Reggio Calabria, grande successo per il concerto dei Mattanza al Circolo Polimeni: la musica popolare incontra la città | FOTO

Lo storico gruppo reggino di musica popolare ha portato sul palco la propria ricerca tra tradizione mediterranea, memoria e sonorità contemporanee, regalando al pubblico una serata dedicata alle radici culturali calabresi

Una serata all’insegna della musica popolare calabrese, della tradizione e dell’identità culturale del territorio. È quella vissuta ieri sera, venerdì 11 settembre, al Circolo del Tennis Polimeni di Reggio Calabria, che ha ospitato il concerto dei Mattanza, storico gruppo reggino da anni impegnato nella valorizzazione delle radici musicali del Mediterraneo. Il pubblico ha potuto assistere a un viaggio sonoro capace di intrecciare antichi racconti, strumenti della tradizione e arrangiamenti moderni, attraverso il repertorio di una formazione che ha fatto della ricerca sulla cultura popolare la propria missione artistica.
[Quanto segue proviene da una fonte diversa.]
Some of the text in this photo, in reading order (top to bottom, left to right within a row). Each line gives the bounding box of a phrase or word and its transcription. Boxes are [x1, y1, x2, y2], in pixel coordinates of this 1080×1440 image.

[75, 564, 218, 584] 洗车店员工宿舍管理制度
I Mattanza sono un progetto musicale nato ufficialmente nel 1997, con l’obiettivo di tradurre in musica la cultura letteraria del Mediterraneo attraverso la ricerca e la valorizzazione di testi antichi, rielaborati con sonorità originali capaci di unire tradizione e modernità. Il lavoro della formazione reggina nasce dall’idea di recuperare storie, poesie e canti della tradizione orale, restituendo loro nuova vita attraverso un linguaggio musicale contemporaneo. Il repertorio comprende racconti della tradizione popolare, testimonianze raccolte direttamente dagli anziani e composizioni originali ispirate ai modelli narrativi antichi.
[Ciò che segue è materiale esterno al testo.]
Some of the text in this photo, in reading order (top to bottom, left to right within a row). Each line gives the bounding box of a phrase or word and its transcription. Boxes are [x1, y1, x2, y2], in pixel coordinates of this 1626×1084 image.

Tra lira calabrese, tamburelli e sonorità mediterranee

Uno degli elementi distintivi dei Mattanza è la capacità di far dialogare gli strumenti tipici della tradizione meridionale con influenze provenienti dalla world music. Nel loro percorso musicale trovano spazio strumenti come lira calabrese, chitarra battente, fisarmonica e tamburelli, affiancati da sonorità più moderne e contaminazioni provenienti da culture diverse. La loro musica non è soltanto una riproposizione del passato, ma un tentativo di mantenere viva la memoria collettiva attraverso una forma espressiva capace di parlare anche alle nuove generazioni. Il principio che accompagna da sempre il progetto è legato alla convinzione che la storia e le radici di un popolo siano elementi fondamentali della sua identità.
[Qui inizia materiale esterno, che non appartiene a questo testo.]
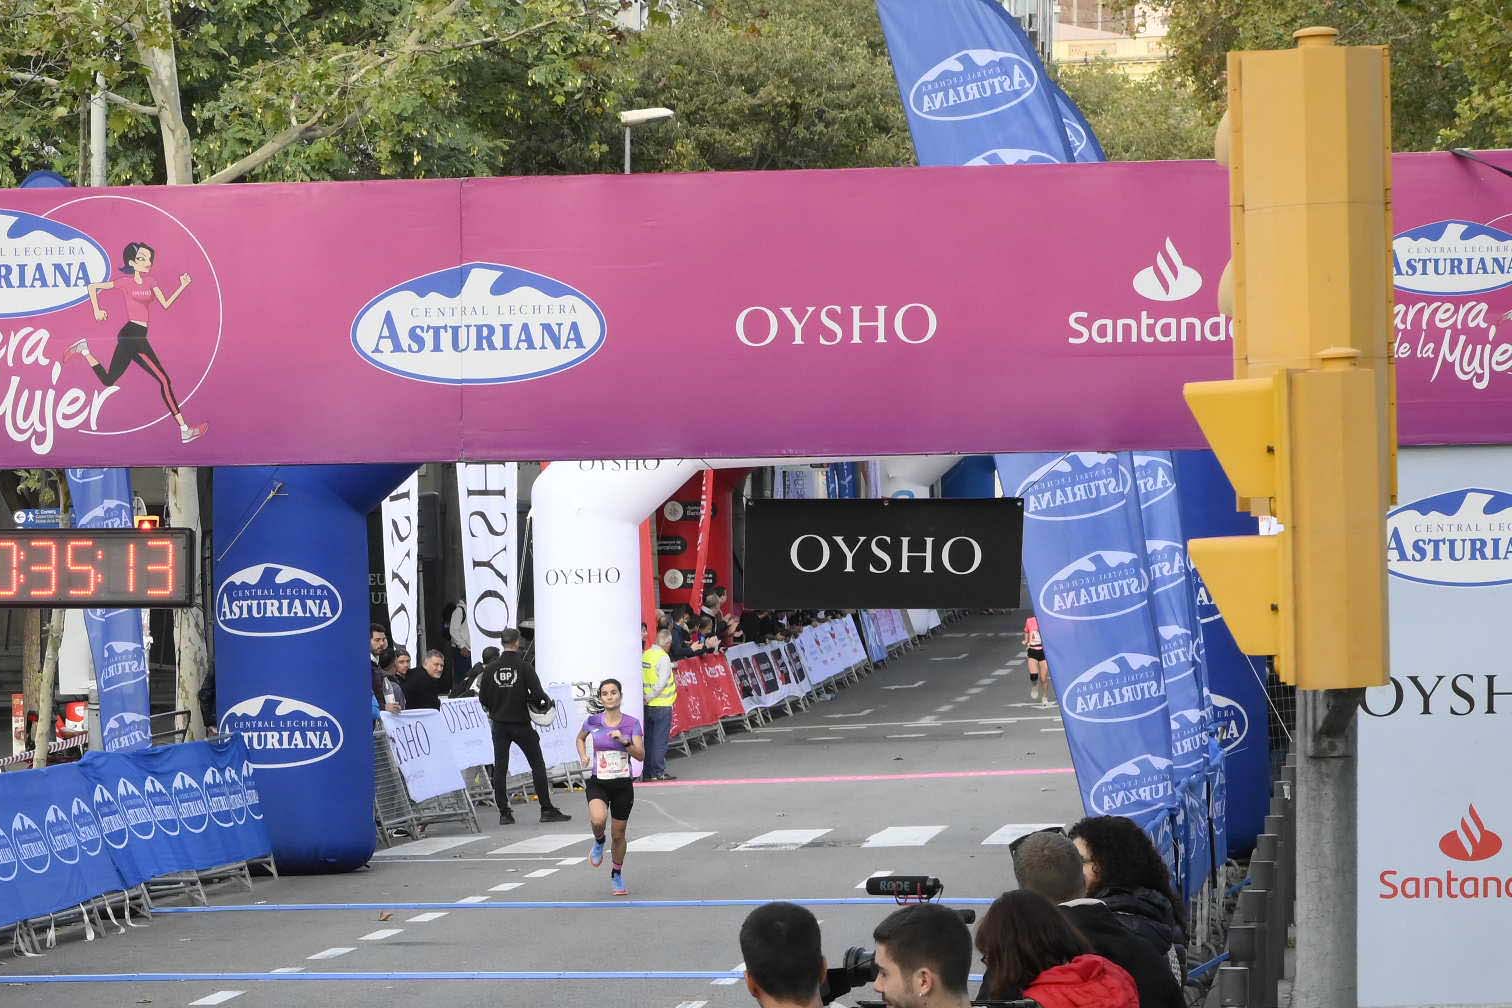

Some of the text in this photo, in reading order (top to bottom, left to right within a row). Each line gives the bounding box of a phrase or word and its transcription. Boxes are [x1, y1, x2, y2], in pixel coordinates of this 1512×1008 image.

Il concerto al Circolo del Tennis Polimeni ha rappresentato un nuovo momento di incontro tra i Mattanza e la loro città, confermando il ruolo del gruppo come uno dei principali interpreti della tradizione musicale reggina e calabrese. Attraverso le loro canzoni, i Mattanza continuano a raccontare paesaggi, persone, memorie e sentimenti di una terra che trova nella musica uno strumento per custodire il proprio passato e guardare al futuro.